Reversing Delphi Programs - Part 1

Getting started with Reverse Engineering of Delphi programs

Mon Jun 18 2018
CategoryStatusRevisionConfidenceImportance
Reverse EngineeringDoneR-001High Likely6/10

This is the first article of the ”Reversing Delphi Programs” series.

In this article we will explore the conventions normally used by Delphi compiler to generate machine code from Delphi source code. These are the rules you may expect to see when reversing Delphi programs.

The default calling convention is register. It’s the most efficient calling convention, since it usually avoids creation of a stack frame.

For the register convention the cleanup is performed by the callee.

Remember that system functions do not necessarily play by the same rules as ordinary functions, especially those functions that are intended to be called implicitly by compiler-generated code instead of being invoked explicitly by user code. The compiler may have extended information on these system functions, like clobbered registers, unusual parameter locations, nothrow, noreturn and so on. This extended information could be in System unit meta data or hardcoded directly into the compiler.

Parameters conventions

Up to three parameters are passed in CPU registers, and the rest (if any) are passed on the stack.

The parameters are passed in order of declaration (left to right).

The first three parameters that qualify are passed in the EAX, EDX, and ECX registers, in that order. The remaining parameters are pushed onto the stack in order of declaration.

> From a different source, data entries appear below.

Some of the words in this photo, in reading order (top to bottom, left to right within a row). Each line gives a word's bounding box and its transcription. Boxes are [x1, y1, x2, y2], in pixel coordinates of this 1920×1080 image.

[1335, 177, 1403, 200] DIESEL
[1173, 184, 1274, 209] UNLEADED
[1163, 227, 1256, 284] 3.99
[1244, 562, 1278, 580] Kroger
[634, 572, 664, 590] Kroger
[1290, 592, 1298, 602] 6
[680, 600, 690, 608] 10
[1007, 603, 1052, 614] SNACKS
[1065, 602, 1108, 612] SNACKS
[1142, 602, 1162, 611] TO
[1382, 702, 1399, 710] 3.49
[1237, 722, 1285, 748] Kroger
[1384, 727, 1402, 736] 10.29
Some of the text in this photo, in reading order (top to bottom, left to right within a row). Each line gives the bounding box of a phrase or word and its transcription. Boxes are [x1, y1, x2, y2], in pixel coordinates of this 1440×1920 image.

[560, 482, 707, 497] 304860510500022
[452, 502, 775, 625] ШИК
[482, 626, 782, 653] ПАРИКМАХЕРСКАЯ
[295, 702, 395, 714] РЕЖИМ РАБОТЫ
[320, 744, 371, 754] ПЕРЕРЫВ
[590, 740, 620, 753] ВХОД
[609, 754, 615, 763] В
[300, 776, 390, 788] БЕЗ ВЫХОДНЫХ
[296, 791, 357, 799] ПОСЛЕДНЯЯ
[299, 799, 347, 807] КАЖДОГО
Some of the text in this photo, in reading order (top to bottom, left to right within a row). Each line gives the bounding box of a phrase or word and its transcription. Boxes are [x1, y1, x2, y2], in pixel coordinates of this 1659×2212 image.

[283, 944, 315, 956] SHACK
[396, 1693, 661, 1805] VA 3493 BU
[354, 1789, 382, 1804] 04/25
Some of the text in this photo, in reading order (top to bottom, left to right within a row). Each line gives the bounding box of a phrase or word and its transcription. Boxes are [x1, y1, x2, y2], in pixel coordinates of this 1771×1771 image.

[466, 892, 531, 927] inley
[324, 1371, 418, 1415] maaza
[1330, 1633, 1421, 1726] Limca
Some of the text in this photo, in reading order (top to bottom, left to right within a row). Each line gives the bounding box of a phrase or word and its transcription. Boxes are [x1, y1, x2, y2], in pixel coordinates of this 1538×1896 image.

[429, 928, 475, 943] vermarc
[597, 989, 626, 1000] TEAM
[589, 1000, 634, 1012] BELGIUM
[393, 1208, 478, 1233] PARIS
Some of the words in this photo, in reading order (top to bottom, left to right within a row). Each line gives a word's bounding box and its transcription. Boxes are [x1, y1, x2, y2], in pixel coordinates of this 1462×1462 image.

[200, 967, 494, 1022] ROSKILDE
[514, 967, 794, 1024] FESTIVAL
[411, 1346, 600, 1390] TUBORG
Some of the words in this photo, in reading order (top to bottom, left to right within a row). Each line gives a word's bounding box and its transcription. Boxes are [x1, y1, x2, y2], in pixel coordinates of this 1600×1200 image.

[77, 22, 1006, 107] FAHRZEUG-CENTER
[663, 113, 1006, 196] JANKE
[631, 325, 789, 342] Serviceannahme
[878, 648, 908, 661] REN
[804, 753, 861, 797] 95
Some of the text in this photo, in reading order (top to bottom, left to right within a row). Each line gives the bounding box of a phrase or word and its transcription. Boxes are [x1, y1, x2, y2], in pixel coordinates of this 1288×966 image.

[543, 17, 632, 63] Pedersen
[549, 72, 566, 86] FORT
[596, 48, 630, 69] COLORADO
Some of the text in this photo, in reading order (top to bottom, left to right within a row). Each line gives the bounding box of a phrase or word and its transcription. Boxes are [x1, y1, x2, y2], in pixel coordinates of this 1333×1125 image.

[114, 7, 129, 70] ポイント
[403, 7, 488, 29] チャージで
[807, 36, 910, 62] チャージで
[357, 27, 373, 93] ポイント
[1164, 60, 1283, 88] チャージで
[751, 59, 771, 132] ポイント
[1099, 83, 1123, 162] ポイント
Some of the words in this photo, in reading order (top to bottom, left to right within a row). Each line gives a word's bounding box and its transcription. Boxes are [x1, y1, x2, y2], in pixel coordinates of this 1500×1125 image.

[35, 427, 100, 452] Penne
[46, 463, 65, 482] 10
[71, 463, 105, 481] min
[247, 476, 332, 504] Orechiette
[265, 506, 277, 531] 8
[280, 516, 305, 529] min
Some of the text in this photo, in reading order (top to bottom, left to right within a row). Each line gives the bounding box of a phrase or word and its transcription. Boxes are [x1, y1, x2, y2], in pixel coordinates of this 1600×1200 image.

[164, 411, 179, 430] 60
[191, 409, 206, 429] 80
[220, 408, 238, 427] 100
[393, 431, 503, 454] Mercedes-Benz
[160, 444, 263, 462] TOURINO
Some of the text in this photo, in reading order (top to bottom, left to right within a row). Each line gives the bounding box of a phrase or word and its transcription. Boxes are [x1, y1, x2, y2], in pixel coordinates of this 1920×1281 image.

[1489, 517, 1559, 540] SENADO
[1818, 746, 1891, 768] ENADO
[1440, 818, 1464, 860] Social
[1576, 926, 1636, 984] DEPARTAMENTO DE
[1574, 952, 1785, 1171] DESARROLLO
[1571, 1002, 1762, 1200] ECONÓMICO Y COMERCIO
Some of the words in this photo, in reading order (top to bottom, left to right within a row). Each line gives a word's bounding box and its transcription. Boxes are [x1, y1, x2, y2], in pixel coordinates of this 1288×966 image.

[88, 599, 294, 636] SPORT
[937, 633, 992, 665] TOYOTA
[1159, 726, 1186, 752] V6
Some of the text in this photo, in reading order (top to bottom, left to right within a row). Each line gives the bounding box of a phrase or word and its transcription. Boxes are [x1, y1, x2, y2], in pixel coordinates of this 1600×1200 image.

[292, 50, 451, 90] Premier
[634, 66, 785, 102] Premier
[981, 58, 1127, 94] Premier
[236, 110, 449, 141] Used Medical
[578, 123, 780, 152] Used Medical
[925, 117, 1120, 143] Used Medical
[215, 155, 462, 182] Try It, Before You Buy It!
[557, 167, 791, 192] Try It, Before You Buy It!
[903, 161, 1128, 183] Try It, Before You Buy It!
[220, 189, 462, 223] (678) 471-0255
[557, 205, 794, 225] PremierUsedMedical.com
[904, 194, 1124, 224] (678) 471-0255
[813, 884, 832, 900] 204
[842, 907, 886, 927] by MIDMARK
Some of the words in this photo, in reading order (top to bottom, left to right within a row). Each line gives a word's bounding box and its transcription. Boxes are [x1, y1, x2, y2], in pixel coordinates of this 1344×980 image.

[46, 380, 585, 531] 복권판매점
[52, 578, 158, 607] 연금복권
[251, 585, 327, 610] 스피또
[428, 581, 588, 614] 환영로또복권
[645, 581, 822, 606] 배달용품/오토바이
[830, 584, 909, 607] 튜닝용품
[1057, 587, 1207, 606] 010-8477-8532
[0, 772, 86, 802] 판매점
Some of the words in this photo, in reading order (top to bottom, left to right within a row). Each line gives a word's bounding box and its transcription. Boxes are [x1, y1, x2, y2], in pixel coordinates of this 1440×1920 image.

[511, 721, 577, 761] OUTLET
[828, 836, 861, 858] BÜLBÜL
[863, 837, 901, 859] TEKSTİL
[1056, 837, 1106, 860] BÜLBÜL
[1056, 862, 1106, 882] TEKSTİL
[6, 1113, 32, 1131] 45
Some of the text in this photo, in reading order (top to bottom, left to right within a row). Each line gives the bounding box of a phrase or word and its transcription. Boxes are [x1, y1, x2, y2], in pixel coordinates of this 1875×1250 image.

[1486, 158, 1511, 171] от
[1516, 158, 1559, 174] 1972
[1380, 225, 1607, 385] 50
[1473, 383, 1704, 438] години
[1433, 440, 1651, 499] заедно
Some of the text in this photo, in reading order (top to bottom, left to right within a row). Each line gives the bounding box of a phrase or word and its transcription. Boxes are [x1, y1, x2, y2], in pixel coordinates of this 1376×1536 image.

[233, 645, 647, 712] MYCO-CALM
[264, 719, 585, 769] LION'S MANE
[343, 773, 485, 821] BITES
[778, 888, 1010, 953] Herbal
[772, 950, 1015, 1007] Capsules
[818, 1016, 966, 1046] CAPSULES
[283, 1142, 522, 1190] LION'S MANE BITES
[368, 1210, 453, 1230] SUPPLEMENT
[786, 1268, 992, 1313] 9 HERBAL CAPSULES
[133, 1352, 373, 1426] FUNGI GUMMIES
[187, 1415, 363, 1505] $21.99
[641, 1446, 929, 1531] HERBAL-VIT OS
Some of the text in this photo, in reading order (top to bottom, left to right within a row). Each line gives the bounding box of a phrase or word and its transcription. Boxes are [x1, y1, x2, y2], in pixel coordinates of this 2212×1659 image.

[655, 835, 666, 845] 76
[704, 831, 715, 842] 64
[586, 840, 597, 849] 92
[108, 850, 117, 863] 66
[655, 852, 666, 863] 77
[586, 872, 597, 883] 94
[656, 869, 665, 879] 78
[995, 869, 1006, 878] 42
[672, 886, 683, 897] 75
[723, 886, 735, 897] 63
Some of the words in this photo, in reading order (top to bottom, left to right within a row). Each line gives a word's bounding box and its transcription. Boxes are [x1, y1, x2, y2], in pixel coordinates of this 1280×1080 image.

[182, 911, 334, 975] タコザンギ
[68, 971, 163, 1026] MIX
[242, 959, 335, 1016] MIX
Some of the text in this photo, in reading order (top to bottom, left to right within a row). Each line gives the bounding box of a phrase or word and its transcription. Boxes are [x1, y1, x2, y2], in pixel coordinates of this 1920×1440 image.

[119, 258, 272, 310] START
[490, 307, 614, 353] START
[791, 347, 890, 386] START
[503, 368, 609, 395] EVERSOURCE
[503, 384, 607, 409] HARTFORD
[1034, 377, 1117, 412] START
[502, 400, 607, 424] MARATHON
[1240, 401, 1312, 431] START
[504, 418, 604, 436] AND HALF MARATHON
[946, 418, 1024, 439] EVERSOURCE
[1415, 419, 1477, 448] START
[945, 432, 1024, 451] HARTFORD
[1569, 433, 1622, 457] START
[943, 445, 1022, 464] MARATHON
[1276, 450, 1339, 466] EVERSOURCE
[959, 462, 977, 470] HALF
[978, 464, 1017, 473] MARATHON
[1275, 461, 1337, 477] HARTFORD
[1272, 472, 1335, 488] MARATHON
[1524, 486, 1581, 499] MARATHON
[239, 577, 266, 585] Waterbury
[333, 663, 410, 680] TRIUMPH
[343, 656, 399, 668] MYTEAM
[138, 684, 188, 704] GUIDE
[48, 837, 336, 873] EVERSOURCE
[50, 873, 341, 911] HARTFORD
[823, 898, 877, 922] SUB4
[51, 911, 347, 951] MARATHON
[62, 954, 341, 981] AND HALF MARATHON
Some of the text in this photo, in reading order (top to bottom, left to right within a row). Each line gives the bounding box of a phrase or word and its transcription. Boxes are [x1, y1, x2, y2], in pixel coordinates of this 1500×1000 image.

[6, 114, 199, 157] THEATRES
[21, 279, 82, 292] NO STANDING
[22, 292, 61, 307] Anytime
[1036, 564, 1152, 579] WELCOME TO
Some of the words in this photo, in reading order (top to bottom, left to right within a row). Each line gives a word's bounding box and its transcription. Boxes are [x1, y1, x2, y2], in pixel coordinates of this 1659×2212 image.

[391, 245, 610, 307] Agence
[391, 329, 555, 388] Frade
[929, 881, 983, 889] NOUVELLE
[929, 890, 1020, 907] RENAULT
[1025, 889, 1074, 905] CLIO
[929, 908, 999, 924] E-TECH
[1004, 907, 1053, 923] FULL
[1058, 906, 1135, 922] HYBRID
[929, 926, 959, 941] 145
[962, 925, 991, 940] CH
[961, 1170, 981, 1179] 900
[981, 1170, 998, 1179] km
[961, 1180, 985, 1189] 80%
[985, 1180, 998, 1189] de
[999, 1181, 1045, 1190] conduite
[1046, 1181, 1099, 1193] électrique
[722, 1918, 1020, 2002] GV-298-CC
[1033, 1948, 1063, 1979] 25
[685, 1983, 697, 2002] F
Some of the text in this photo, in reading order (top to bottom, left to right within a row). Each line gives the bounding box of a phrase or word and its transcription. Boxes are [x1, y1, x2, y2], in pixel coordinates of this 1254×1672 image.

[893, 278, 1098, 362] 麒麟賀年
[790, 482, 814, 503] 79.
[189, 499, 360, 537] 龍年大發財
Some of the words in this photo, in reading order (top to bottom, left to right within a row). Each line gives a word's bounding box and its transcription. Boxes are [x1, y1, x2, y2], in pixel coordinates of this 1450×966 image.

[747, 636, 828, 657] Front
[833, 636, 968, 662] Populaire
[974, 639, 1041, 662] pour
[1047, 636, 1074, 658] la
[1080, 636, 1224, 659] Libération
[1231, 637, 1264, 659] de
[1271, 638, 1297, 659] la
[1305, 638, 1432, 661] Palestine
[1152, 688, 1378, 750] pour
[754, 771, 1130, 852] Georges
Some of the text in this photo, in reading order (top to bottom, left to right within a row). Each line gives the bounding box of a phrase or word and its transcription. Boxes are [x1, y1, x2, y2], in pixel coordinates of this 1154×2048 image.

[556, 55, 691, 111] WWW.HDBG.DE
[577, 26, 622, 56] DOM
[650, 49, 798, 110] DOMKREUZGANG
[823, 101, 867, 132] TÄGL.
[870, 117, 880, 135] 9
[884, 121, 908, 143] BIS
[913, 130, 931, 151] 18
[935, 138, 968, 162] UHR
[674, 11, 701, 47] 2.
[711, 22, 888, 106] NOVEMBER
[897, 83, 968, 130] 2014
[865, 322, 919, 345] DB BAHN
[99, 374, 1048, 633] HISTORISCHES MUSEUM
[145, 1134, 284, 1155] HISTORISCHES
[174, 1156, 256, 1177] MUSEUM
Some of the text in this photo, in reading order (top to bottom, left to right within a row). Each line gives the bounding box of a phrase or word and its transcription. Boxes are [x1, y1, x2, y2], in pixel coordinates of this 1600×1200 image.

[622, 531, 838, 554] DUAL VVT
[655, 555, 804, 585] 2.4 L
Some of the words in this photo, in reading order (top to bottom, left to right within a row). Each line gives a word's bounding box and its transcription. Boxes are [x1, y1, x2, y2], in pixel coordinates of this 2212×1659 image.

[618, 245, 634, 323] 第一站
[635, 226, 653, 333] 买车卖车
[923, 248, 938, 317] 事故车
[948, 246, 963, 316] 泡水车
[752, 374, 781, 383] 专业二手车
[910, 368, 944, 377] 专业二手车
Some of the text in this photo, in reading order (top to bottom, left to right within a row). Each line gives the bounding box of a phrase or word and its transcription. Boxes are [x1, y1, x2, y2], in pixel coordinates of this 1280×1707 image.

Real, method-pointer, variant, Int64, and structured types do not qualify as register parameters, but all other parameters do.

Example

For example, given the declaration:

procedure Test(A: Integer;
               var B: Char;
               C: Double;
               const D: string;
               E: Pointer);

A call to Test passes:

  • A in EAX as a 32-bit integer
  • B in EDX as a pointer to a Char
  • D in ECX as a pointer to a long-string memory block
  • C and E are pushed onto the stack as two double-words and a 32-bit pointer, in that order

Registers saving conventions

Procedures and functions must preserve the EBX, ESI, EDI, and EBP registers, but can modify the EAX, EDX, and ECX registers.

Constructor or destructors preserve the DL register.

When working with the MMX and XMM instructions, functions must preserve the values of the xmm and mm registers. Delphi functions do not make any assumptions about the state and content of xmm registers. They do not guarantee that the content of xmm registers is unchanged.

Function results conventions

The following conventions are used for returning function result values.

  • Ordinal results are returned, when possible, in a CPU register:

    • Bytes are returned in AL
    • Words are returned in AX
    • Double-words are returned in EAX

  • Real results are returned in the floating-point coprocessor’s top-of-stack register ST(0)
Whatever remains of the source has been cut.